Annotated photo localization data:
---
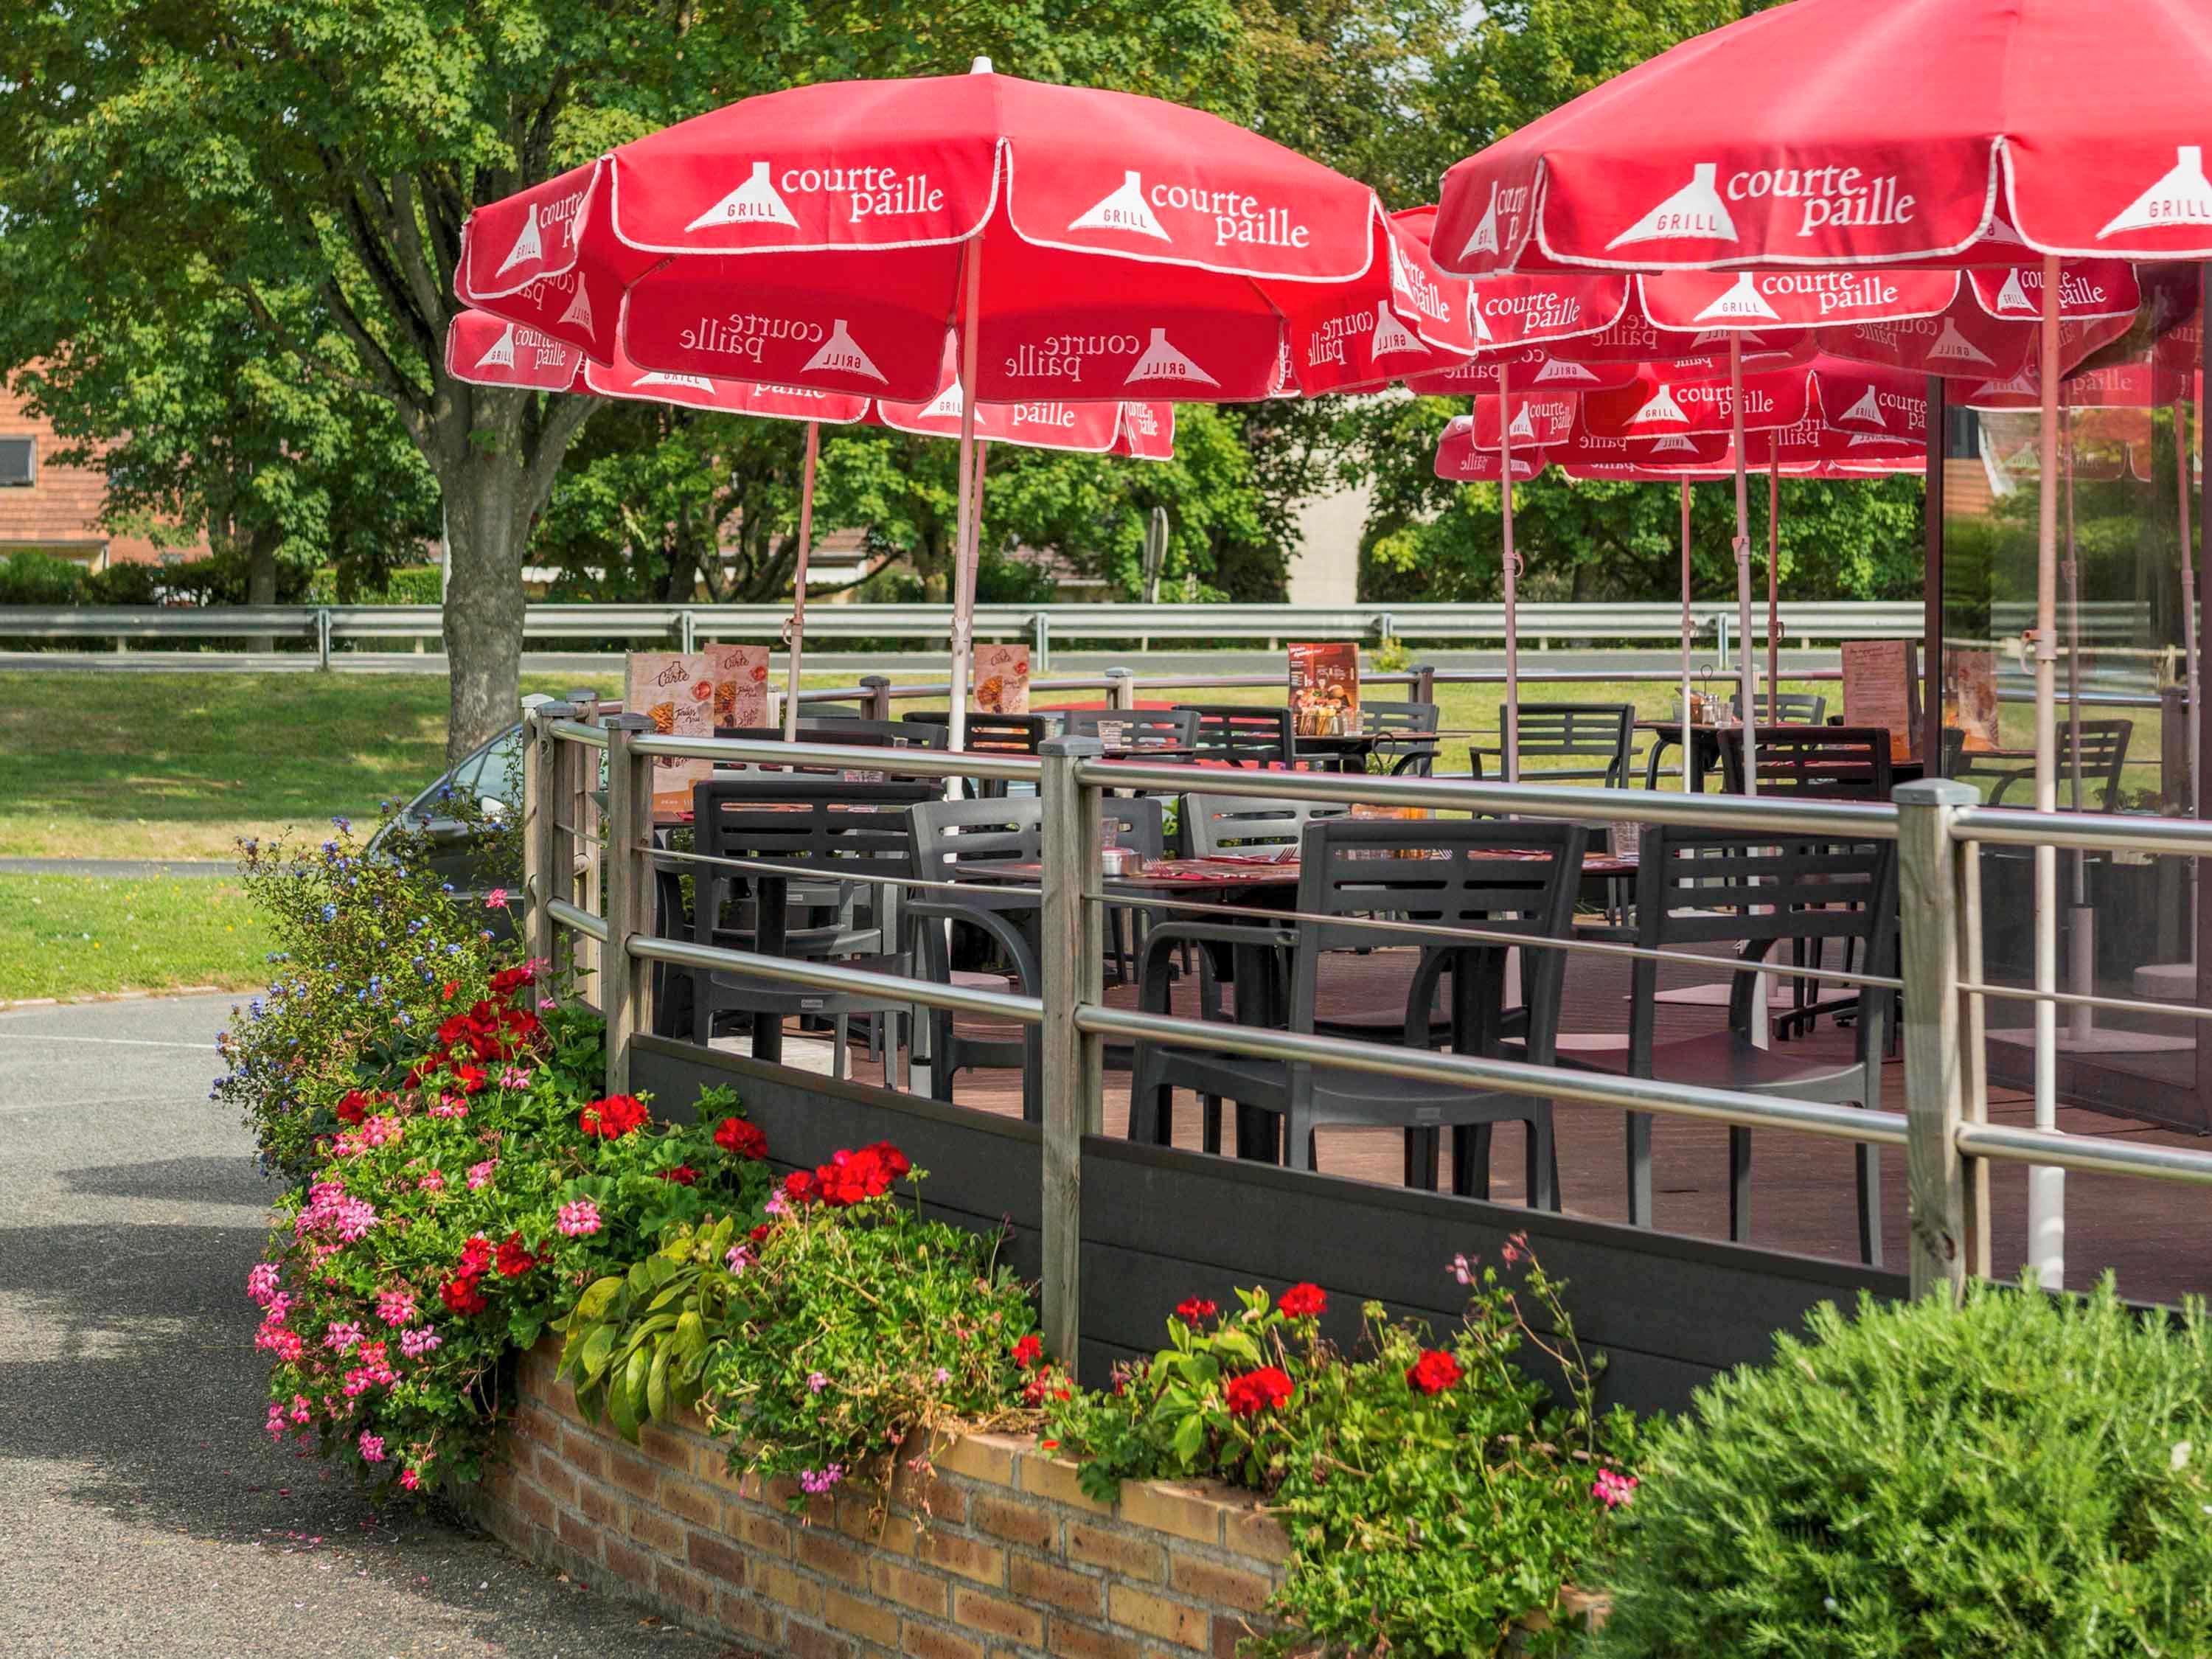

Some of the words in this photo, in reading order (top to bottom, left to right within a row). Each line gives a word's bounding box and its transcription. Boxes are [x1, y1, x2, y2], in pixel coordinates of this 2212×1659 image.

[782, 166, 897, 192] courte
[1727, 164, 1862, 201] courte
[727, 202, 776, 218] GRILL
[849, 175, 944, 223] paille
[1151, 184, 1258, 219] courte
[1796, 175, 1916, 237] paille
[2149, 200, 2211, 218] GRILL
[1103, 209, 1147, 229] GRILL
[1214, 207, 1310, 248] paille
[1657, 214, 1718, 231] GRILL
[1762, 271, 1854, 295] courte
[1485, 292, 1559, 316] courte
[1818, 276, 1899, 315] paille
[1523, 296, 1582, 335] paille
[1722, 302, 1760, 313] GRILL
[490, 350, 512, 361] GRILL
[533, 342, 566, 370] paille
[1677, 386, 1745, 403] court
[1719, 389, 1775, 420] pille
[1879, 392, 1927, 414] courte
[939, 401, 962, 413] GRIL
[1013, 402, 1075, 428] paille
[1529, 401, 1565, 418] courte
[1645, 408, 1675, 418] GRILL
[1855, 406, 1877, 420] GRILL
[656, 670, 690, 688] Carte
---
Assignment: What is needed is an exact copy of all the entries above, minus the pictures.

Task response:
Some of the words in this photo, in reading order (top to bottom, left to right within a row). Each line gives a word's bounding box and its transcription. Boxes are [x1, y1, x2, y2], in pixel coordinates of this 2212×1659 image.

[782, 166, 897, 192] courte
[1727, 164, 1862, 201] courte
[727, 202, 776, 218] GRILL
[849, 175, 944, 223] paille
[1151, 184, 1258, 219] courte
[1796, 175, 1916, 237] paille
[2149, 200, 2211, 218] GRILL
[1103, 209, 1147, 229] GRILL
[1214, 207, 1310, 248] paille
[1657, 214, 1718, 231] GRILL
[1762, 271, 1854, 295] courte
[1485, 292, 1559, 316] courte
[1818, 276, 1899, 315] paille
[1523, 296, 1582, 335] paille
[1722, 302, 1760, 313] GRILL
[490, 350, 512, 361] GRILL
[533, 342, 566, 370] paille
[1677, 386, 1745, 403] court
[1719, 389, 1775, 420] pille
[1879, 392, 1927, 414] courte
[939, 401, 962, 413] GRIL
[1013, 402, 1075, 428] paille
[1529, 401, 1565, 418] courte
[1645, 408, 1675, 418] GRILL
[1855, 406, 1877, 420] GRILL
[656, 670, 690, 688] Carte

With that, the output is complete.